On Tue, Sep 06, 2022 at 02:35:47PM +0000, Quentin Perret wrote:
> Hi Oliver,
> 
> On Tuesday 30 Aug 2022 at 19:41:20 (+0000), Oliver Upton wrote:
> >  static int stage2_map_walk_table_pre(u64 addr, u64 end, u32 level,
> >  				     kvm_pte_t *ptep,
> >  				     struct stage2_map_data *data)
> >  {
> > -	if (data->anchor)
> > -		return 0;
> > +	struct kvm_pgtable_mm_ops *mm_ops = data->mm_ops;
> > +	kvm_pte_t *childp = kvm_pte_follow(*ptep, mm_ops);
> > +	struct kvm_pgtable *pgt = data->mmu->pgt;
> > +	int ret;
> >  
> >  	if (!stage2_leaf_mapping_allowed(addr, end, level, data))
> >  		return 0;
> >  
> > -	data->childp = kvm_pte_follow(*ptep, data->mm_ops);
> >  	kvm_clear_pte(ptep);
> >  
> >  	/*
> > @@ -782,8 +786,13 @@ static int stage2_map_walk_table_pre(u64 addr, u64 end, u32 level,
> >  	 * individually.
> >  	 */
> >  	kvm_call_hyp(__kvm_tlb_flush_vmid, data->mmu);
> > -	data->anchor = ptep;
> > -	return 0;
> > +
> > +	ret = stage2_map_walk_leaf(addr, end, level, ptep, data);
> > +
> > +	mm_ops->put_page(ptep);
> > +	mm_ops->free_removed_table(childp, level + 1, pgt);
> 
> By the look of it, __kvm_pgtable_visit() has saved the table PTE on the
> stack prior to calling the TABLE_PRE callback, and it then uses the PTE
> from its stack and does kvm_pte_follow() to find the childp, and walks
> from there.

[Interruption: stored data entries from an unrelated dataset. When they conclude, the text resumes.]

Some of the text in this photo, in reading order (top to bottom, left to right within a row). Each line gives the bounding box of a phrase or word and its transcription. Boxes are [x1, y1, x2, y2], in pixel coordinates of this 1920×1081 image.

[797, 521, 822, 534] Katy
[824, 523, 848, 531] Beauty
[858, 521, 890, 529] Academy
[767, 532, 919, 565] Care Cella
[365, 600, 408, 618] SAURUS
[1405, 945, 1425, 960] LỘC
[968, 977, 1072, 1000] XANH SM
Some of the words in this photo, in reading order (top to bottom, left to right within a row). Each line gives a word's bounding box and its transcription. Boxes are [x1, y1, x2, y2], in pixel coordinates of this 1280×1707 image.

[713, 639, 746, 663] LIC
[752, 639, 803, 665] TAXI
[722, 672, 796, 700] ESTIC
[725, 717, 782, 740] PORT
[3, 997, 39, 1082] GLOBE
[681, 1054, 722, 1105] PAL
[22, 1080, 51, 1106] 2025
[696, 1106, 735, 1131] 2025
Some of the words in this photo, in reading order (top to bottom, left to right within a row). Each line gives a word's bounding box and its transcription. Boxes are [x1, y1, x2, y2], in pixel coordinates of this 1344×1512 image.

Would that be a UAF now?

Sure would, I suppose the actual UAF is hidden by the use of RCU later
in the series. Nonetheless, I'm going to adopt David's suggestion of
just rereading the PTE which should tidy this up.

Thanks for catching this.

--
Best,
Oliver